I fought and fought with this client in the most polite tone I could muster up. There were specific reasons for the design we chose. I didn’t want the last 50 hours of hell to be for nothing. We had all worked very hard on a unique design that solved the many UX issues the old design had. I’m pretty sure I lost.
The conversation ended like any other conversation with my parents when i was 7 years old. “I’m in charge, do what I say without question.” Wait, that’s not how this is supposed to go down. I’m not a child. I’m also not an employee. I’m a professional. Trust me, or don’t hire me.
I politely suggested to the room that they do some light reading on the matter and look at their competitors as well. The fight for the hamburger menu was an issue of scale, not of aesthetics or experience. The team wanted the ability to consistently be able to add new features to the app without requiring a new design. The hamburger menu was their scape goat.

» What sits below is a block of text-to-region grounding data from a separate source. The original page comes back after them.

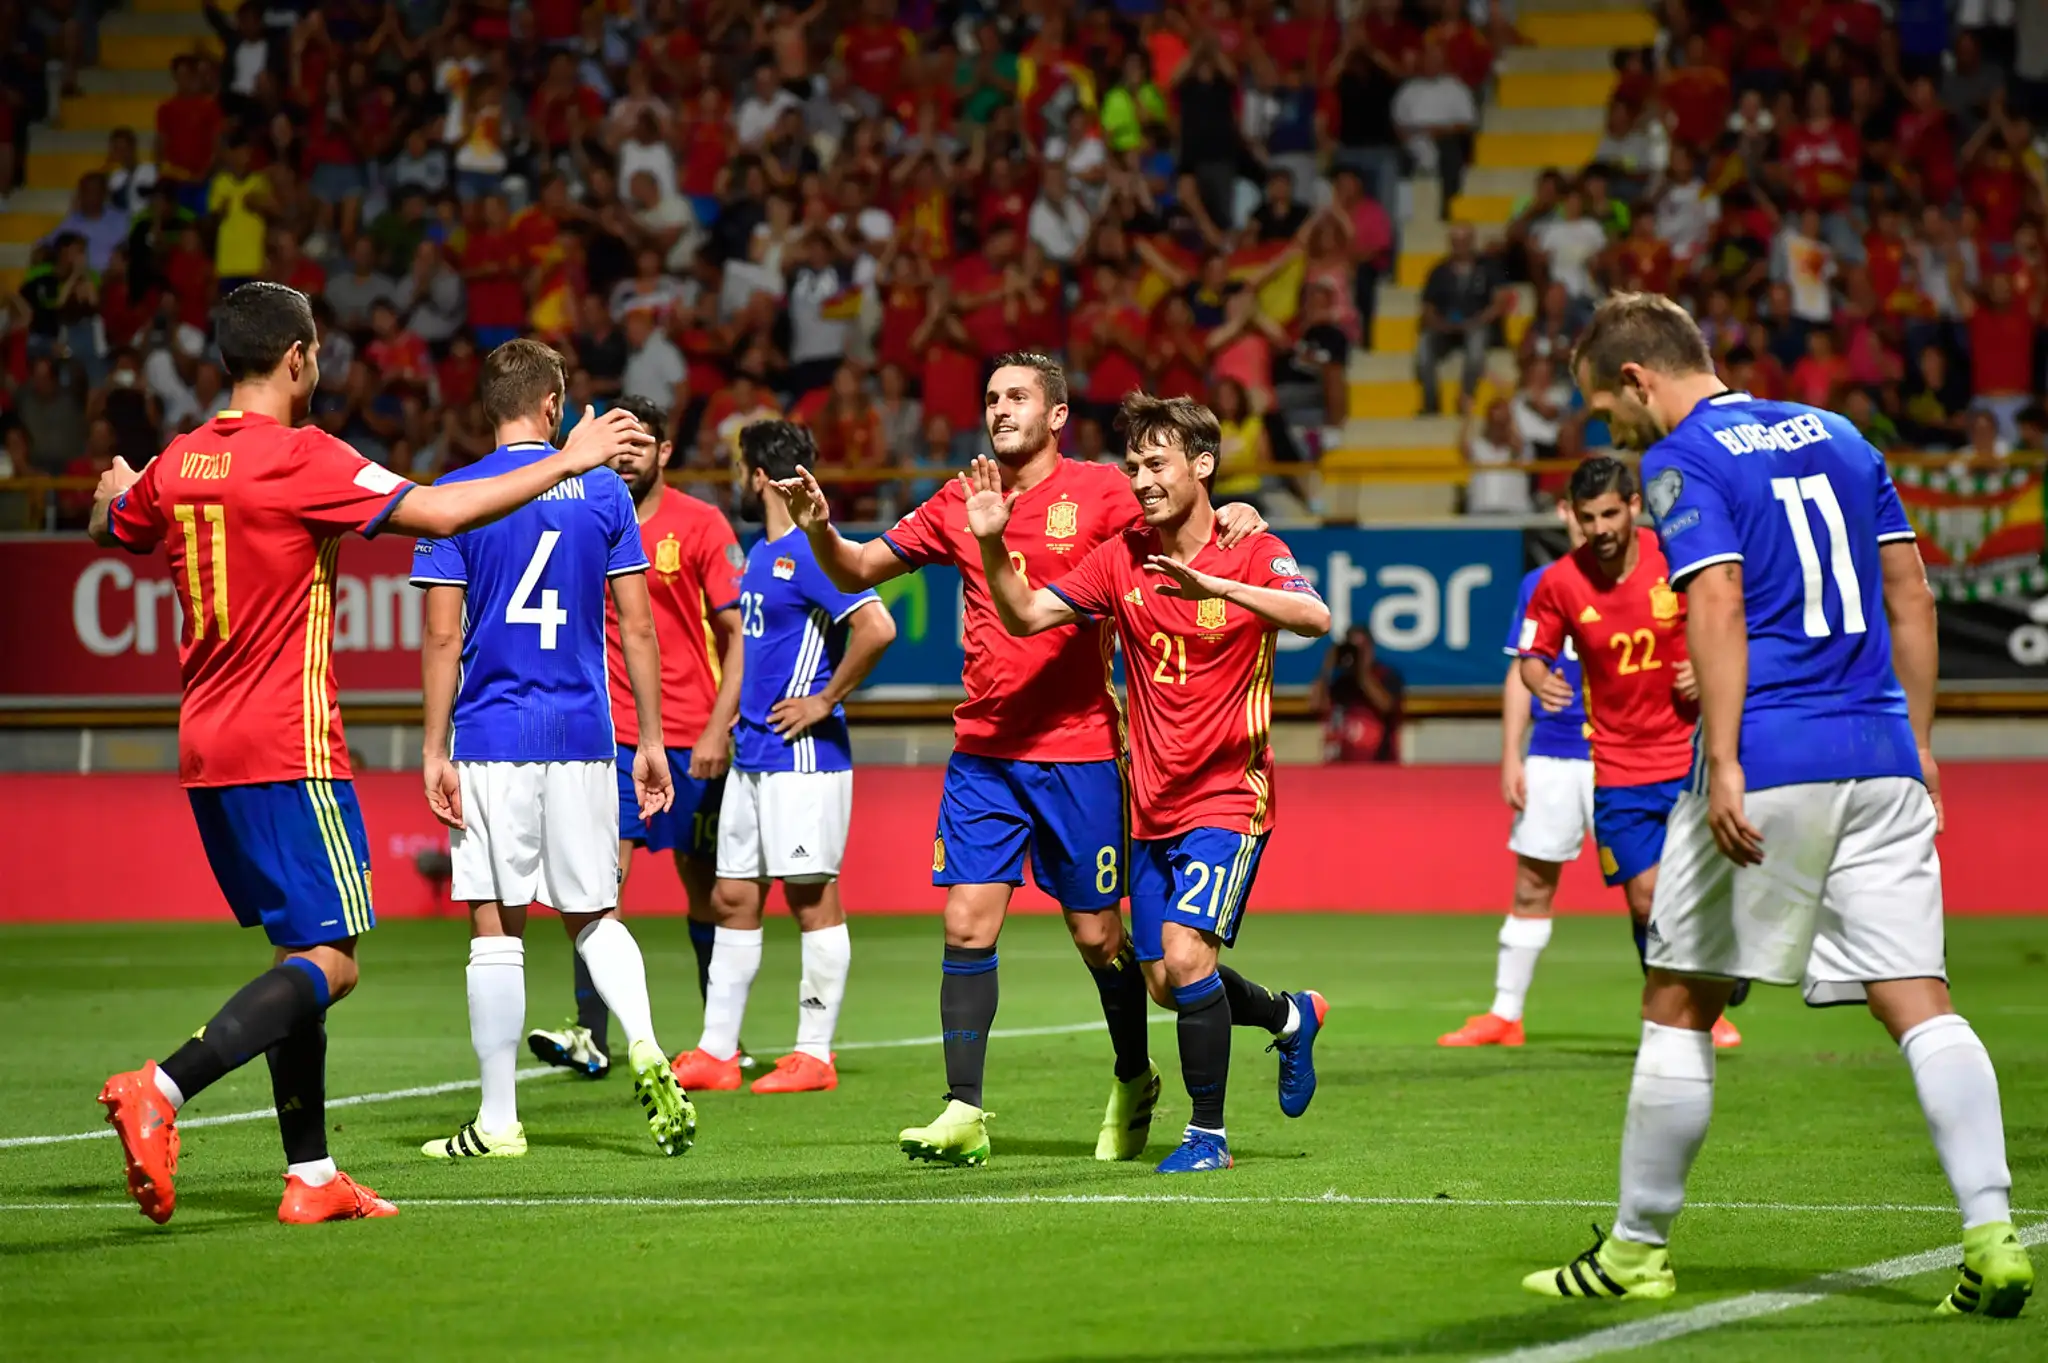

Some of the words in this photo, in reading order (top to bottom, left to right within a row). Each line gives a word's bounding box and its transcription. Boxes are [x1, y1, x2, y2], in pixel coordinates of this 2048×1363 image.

[180, 451, 232, 480] VITOLO
[173, 503, 231, 641] 11
[1770, 472, 1867, 638] 11
[505, 530, 568, 650] 4
[740, 590, 765, 639] 23
[1150, 632, 1188, 685] 21
[1609, 627, 1662, 686] 22
[1095, 845, 1118, 895] 8
[1176, 861, 1227, 918] 21

It’s cool, I get it. It’s an ever expanding list which can hold as many items as you’d like it to, unlike tabs. However, this isn’t a solution, it’s a shitty band-aid. Hamburger menu’s aren’t meant to be a catch all solution. An infinite list where you can stack as many features as you like as the app evolves is never going to provide a great experience for the users. Hamburger menus promote lazy design and poor user experiences. If you have so many features you need that infinite list for the app to function, maybe you have feature bloat. Less is more when it comes to mobile experiences.
Hamburger menus promote lazy design and poor user experiences.

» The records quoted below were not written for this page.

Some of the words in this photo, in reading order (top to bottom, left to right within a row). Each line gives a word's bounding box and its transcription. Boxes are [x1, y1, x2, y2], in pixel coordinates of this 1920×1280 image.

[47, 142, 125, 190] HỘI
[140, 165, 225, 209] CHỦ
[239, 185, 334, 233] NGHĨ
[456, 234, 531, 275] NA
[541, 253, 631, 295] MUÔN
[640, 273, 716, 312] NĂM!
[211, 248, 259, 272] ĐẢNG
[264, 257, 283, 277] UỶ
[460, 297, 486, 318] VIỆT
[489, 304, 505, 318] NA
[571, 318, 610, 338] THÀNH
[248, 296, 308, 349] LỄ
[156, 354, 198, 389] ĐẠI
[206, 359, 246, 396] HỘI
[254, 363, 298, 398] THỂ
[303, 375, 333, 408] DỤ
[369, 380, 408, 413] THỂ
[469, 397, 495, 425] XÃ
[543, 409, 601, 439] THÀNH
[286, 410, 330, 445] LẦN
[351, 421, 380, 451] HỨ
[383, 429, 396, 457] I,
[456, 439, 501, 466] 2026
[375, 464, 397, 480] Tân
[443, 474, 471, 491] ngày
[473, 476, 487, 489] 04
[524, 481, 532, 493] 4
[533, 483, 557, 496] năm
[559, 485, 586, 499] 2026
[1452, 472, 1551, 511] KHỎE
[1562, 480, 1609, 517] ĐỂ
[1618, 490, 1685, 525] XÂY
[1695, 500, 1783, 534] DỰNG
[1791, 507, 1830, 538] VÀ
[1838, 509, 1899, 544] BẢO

Trust your designer, or don’t hire one. Anyone with remotely good Photoshop skills can put together whatever interface you want with you standing behind them. When you hire a professional ux agency to do your design though, trust them. There’s no use in hiring them otherwise. There’s rationale behind each button, each color, and every line. A good designer knows how to craft an experience around your users and pushing your own ideas of what good UX is undervaluing their skills and profession. It’s rude, and you wouldn’t do it to any other professional you ask to come in. Design isn’t as subjective as you might think.